START TASK INPUT

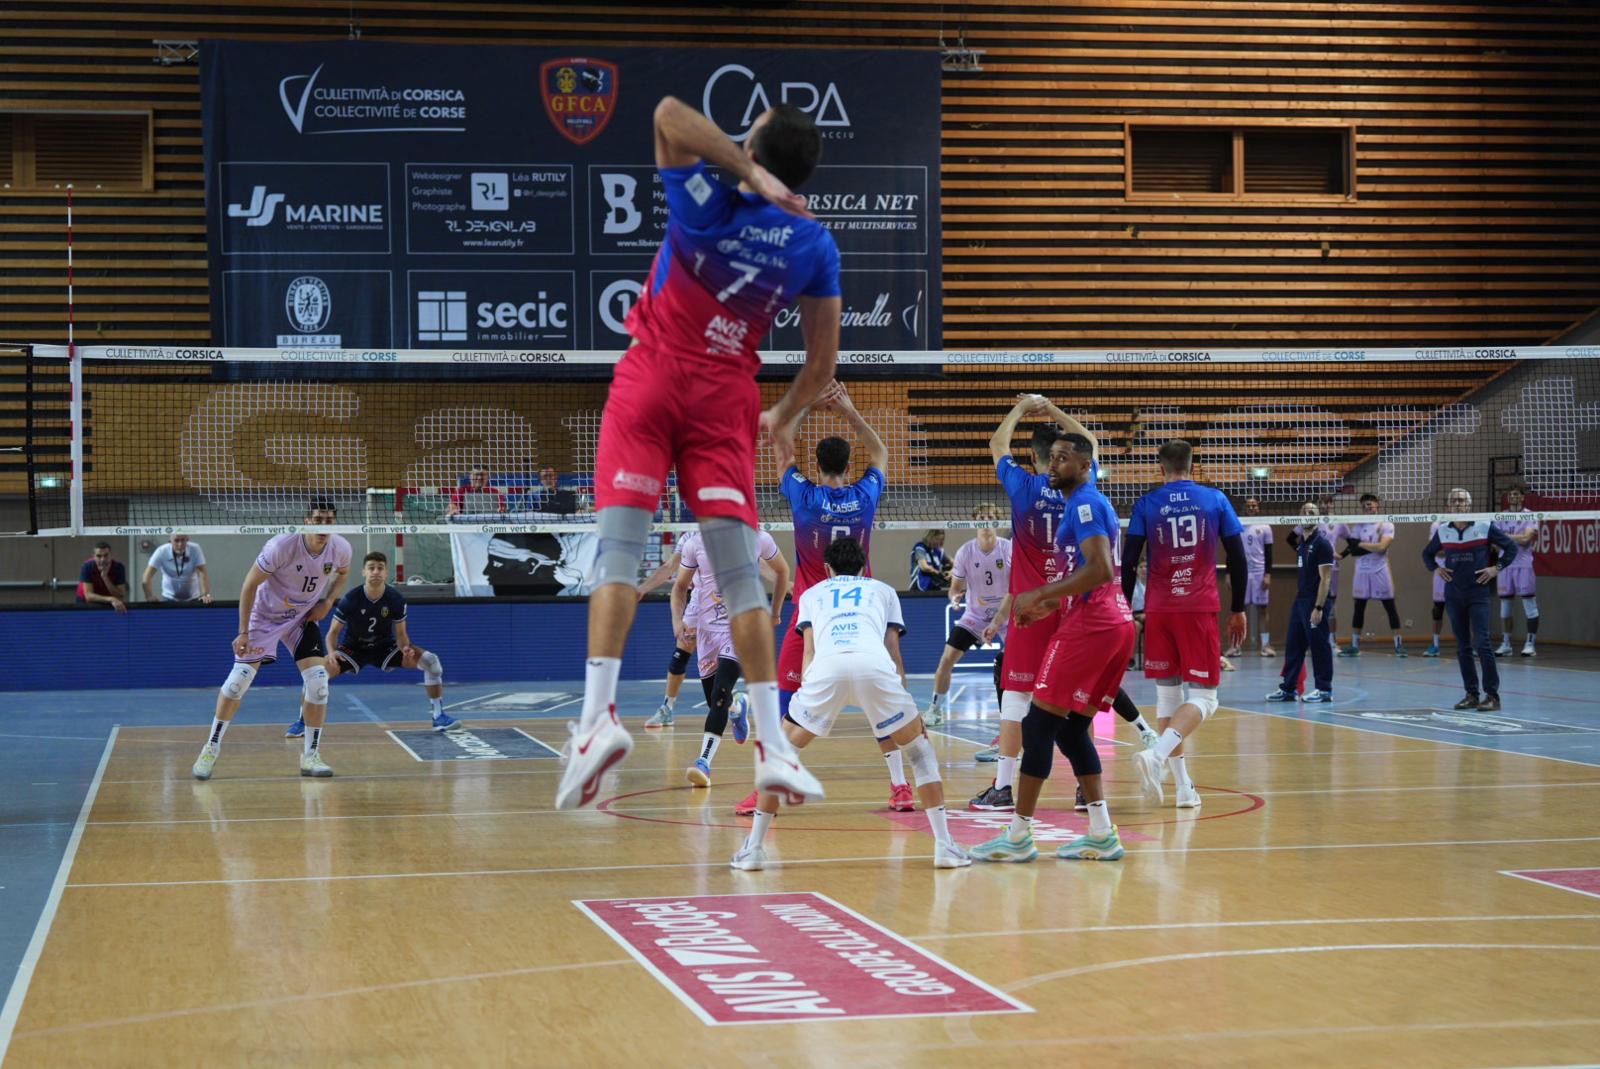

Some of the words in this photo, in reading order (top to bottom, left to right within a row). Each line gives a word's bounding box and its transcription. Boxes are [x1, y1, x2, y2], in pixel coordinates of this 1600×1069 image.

[314, 86, 390, 101] CULLETTIVITÀ
[403, 88, 465, 101] CORSICA
[551, 96, 608, 112] GFCA
[314, 104, 400, 118] COLLECTIVITÉ
[419, 106, 466, 118] CORSE
[412, 172, 463, 181] Webdesigner
[532, 173, 567, 182] RUTILY
[412, 186, 453, 196] Graphiste
[412, 202, 466, 212] Photographe
[807, 194, 867, 210] RSICA
[874, 194, 918, 210] NET
[285, 204, 383, 222] MARINE
[847, 221, 918, 230] MULTISERVICES
[716, 261, 762, 303] 7
[476, 291, 568, 328] secic
[281, 336, 336, 344] BUREAU
[477, 331, 540, 341] immobilier
[105, 348, 165, 359] CULLETTIVITÀ
[175, 350, 224, 359] CORSICA
[281, 350, 348, 361] COLLECTIVITÉ
[361, 352, 397, 361] CORSE
[452, 351, 510, 362] CULLETTIVITÀ
[519, 353, 566, 362] CORSICA
[947, 352, 1008, 362] COLLECTIVITÉ
[1022, 353, 1055, 362] CORSE
[1106, 351, 1158, 361] CULLETTIVITÀ
[1168, 353, 1211, 361] CORSICA
[1261, 350, 1321, 360] COLLECTIVITÉ
[1334, 351, 1365, 360] CORSE
[1415, 349, 1466, 359] CULLETTIVITÀ
[1475, 350, 1516, 358] CORSICA
[1565, 348, 1600, 358] COLLEC
[850, 354, 895, 363] CORSICA
[1169, 492, 1190, 502] GILL
[822, 499, 861, 514] LACASSIE
[1387, 515, 1410, 523] Gamm
[1494, 513, 1517, 521] Gamm
[1519, 513, 1536, 521] vert
[239, 525, 265, 534] Gamm
[268, 525, 286, 534] vert
[361, 525, 387, 534] Gamm
[390, 525, 407, 534] vert
[481, 524, 507, 533] Gamm
[510, 524, 527, 533] vert
[947, 521, 970, 529] Gamm
[973, 521, 989, 529] vert
[115, 526, 142, 535] Gamm
[144, 526, 162, 535] vert
[1167, 514, 1198, 549] 13
[1553, 519, 1572, 553] du
[1172, 567, 1193, 578] AVIS
[985, 571, 993, 586] 3
[301, 575, 319, 593] 15
[830, 586, 862, 609] 14
[367, 617, 377, 633] 2
[831, 622, 859, 631] AVIS
[614, 901, 748, 947] Budget
[837, 951, 956, 995] GROUPE
[697, 971, 847, 1014] AVIS
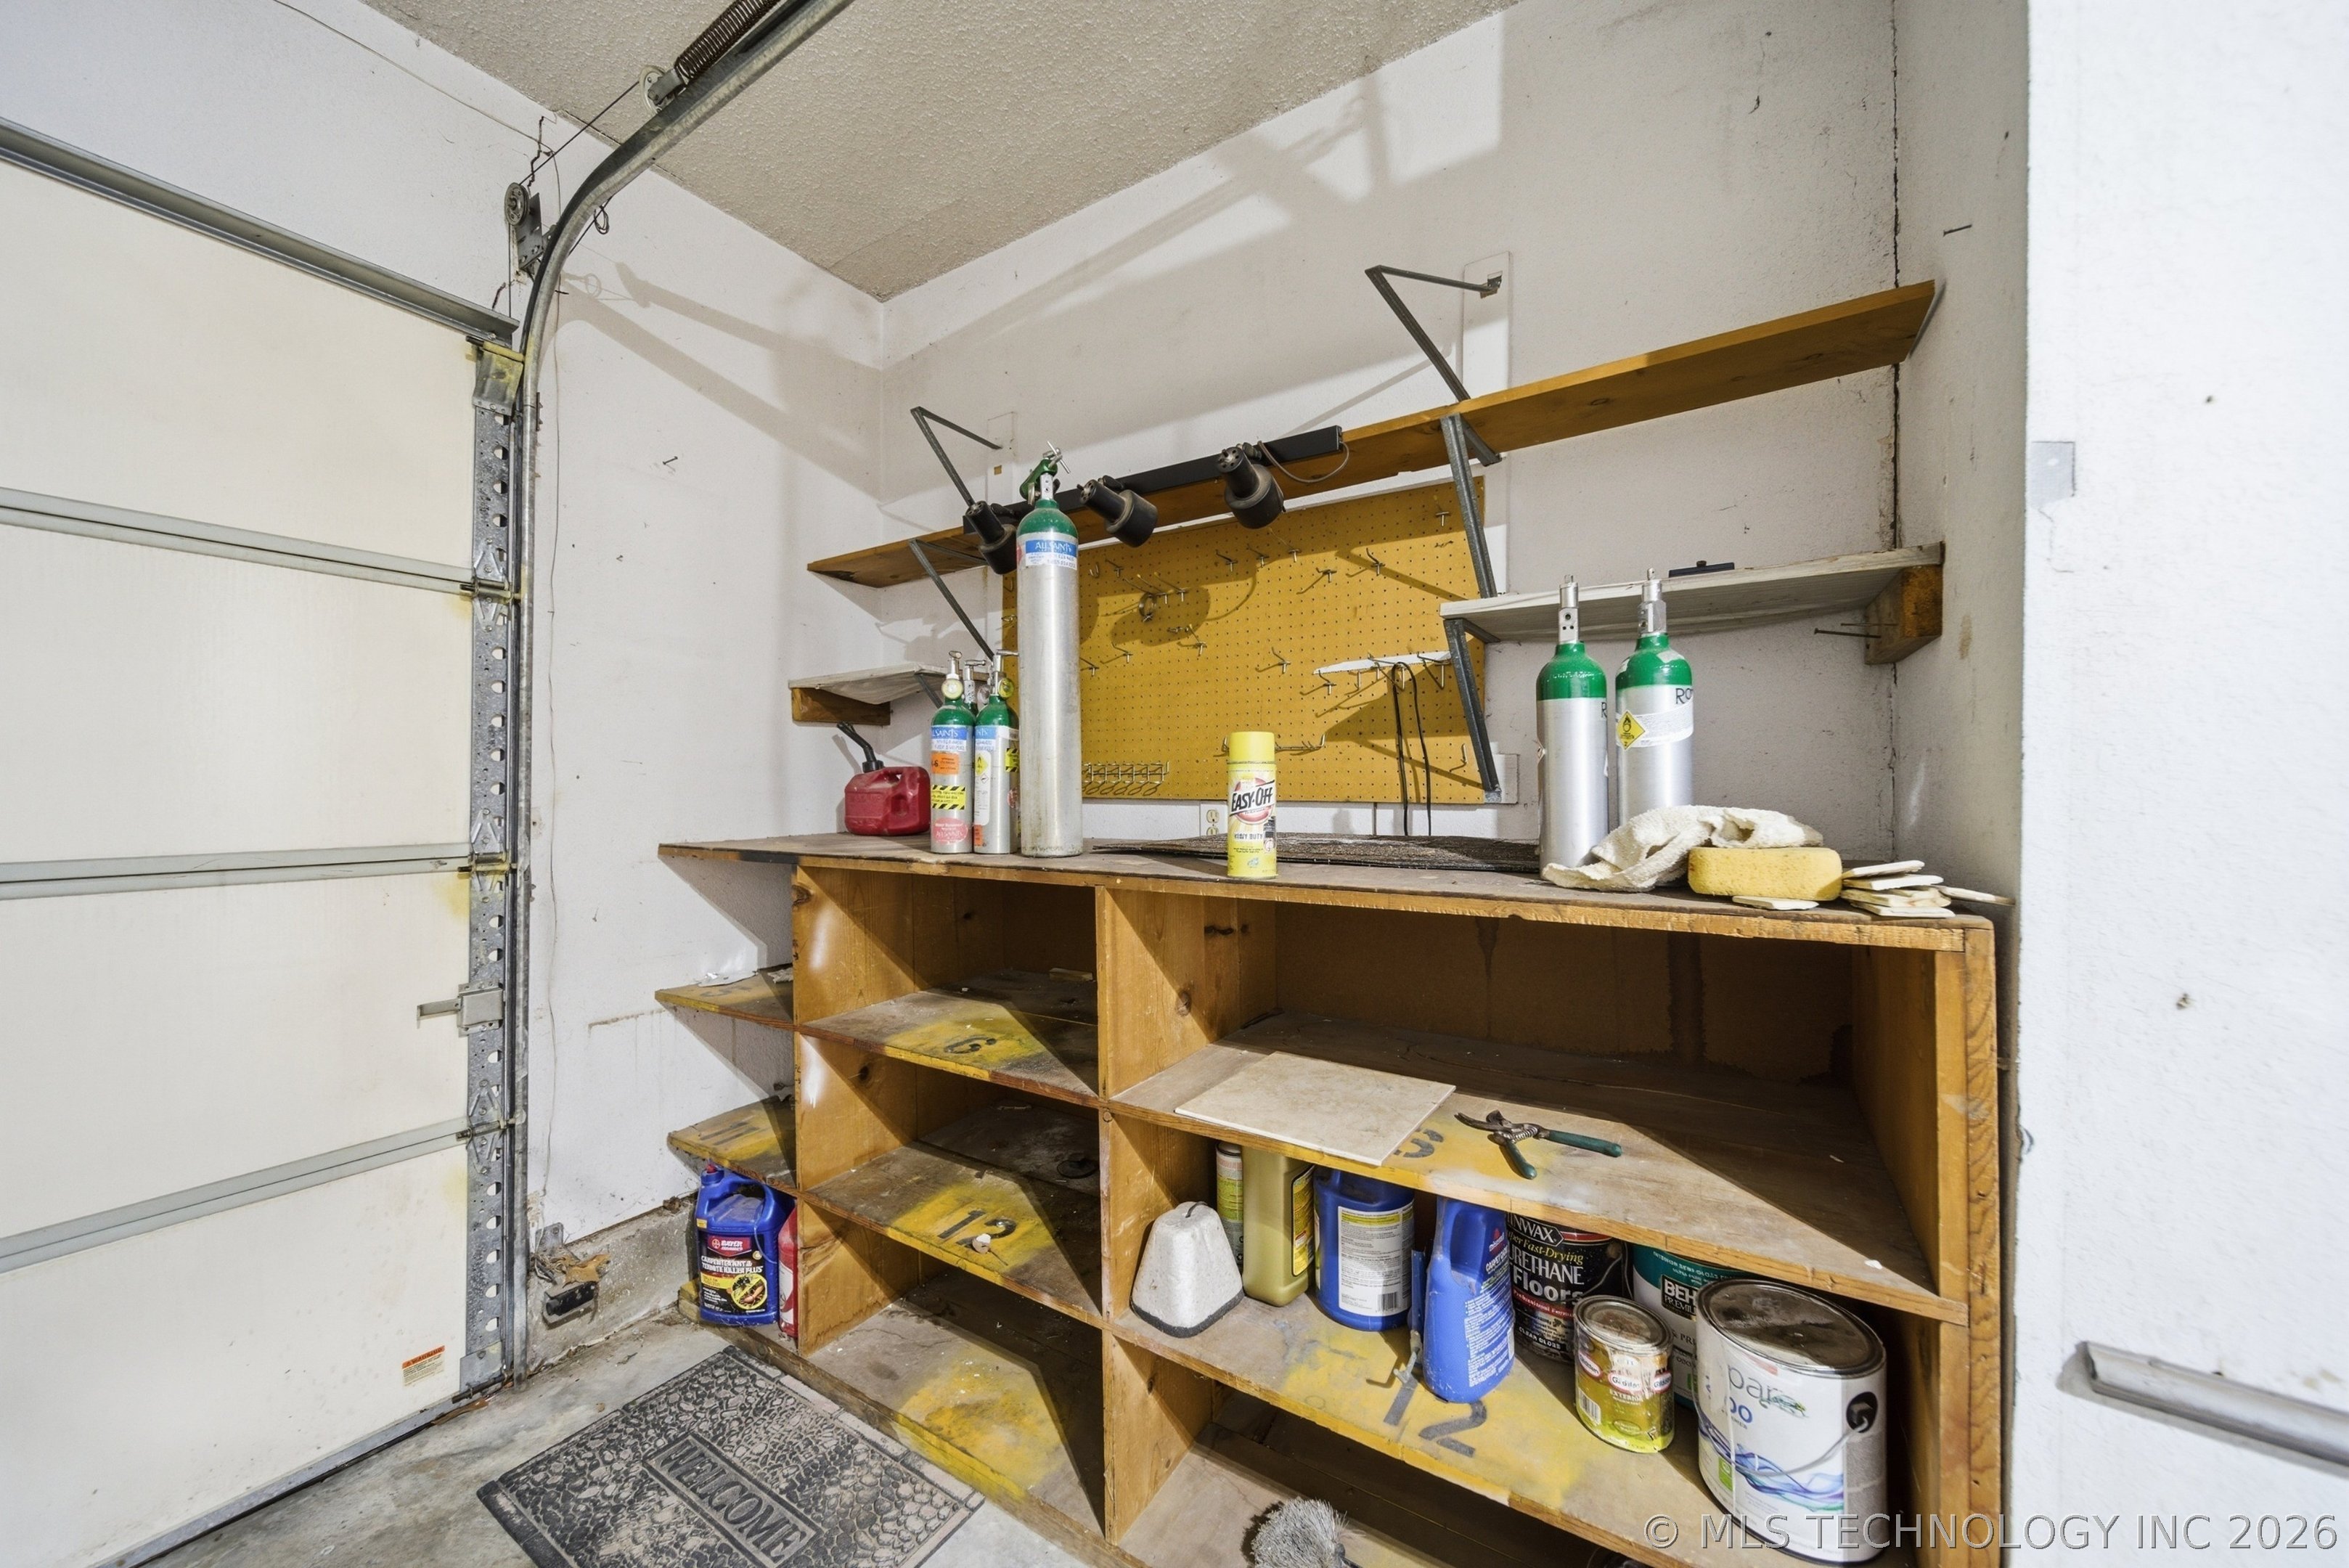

END TASK INPUT

== YOUR GOAL ==
Extract the text of all the records above verbatim, excluding pictures.

== TASK SOLUTION ==
Some of the words in this photo, in reading order (top to bottom, left to right within a row). Each line gives a word's bounding box and its transcription. Boxes are [x1, y1, x2, y2], in pixel coordinates of this 1600×1069 image.

[314, 86, 390, 101] CULLETTIVITÀ
[403, 88, 465, 101] CORSICA
[551, 96, 608, 112] GFCA
[314, 104, 400, 118] COLLECTIVITÉ
[419, 106, 466, 118] CORSE
[412, 172, 463, 181] Webdesigner
[532, 173, 567, 182] RUTILY
[412, 186, 453, 196] Graphiste
[412, 202, 466, 212] Photographe
[807, 194, 867, 210] RSICA
[874, 194, 918, 210] NET
[285, 204, 383, 222] MARINE
[847, 221, 918, 230] MULTISERVICES
[716, 261, 762, 303] 7
[476, 291, 568, 328] secic
[281, 336, 336, 344] BUREAU
[477, 331, 540, 341] immobilier
[105, 348, 165, 359] CULLETTIVITÀ
[175, 350, 224, 359] CORSICA
[281, 350, 348, 361] COLLECTIVITÉ
[361, 352, 397, 361] CORSE
[452, 351, 510, 362] CULLETTIVITÀ
[519, 353, 566, 362] CORSICA
[947, 352, 1008, 362] COLLECTIVITÉ
[1022, 353, 1055, 362] CORSE
[1106, 351, 1158, 361] CULLETTIVITÀ
[1168, 353, 1211, 361] CORSICA
[1261, 350, 1321, 360] COLLECTIVITÉ
[1334, 351, 1365, 360] CORSE
[1415, 349, 1466, 359] CULLETTIVITÀ
[1475, 350, 1516, 358] CORSICA
[1565, 348, 1600, 358] COLLEC
[850, 354, 895, 363] CORSICA
[1169, 492, 1190, 502] GILL
[822, 499, 861, 514] LACASSIE
[1387, 515, 1410, 523] Gamm
[1494, 513, 1517, 521] Gamm
[1519, 513, 1536, 521] vert
[239, 525, 265, 534] Gamm
[268, 525, 286, 534] vert
[361, 525, 387, 534] Gamm
[390, 525, 407, 534] vert
[481, 524, 507, 533] Gamm
[510, 524, 527, 533] vert
[947, 521, 970, 529] Gamm
[973, 521, 989, 529] vert
[115, 526, 142, 535] Gamm
[144, 526, 162, 535] vert
[1167, 514, 1198, 549] 13
[1553, 519, 1572, 553] du
[1172, 567, 1193, 578] AVIS
[985, 571, 993, 586] 3
[301, 575, 319, 593] 15
[830, 586, 862, 609] 14
[367, 617, 377, 633] 2
[831, 622, 859, 631] AVIS
[614, 901, 748, 947] Budget
[837, 951, 956, 995] GROUPE
[697, 971, 847, 1014] AVIS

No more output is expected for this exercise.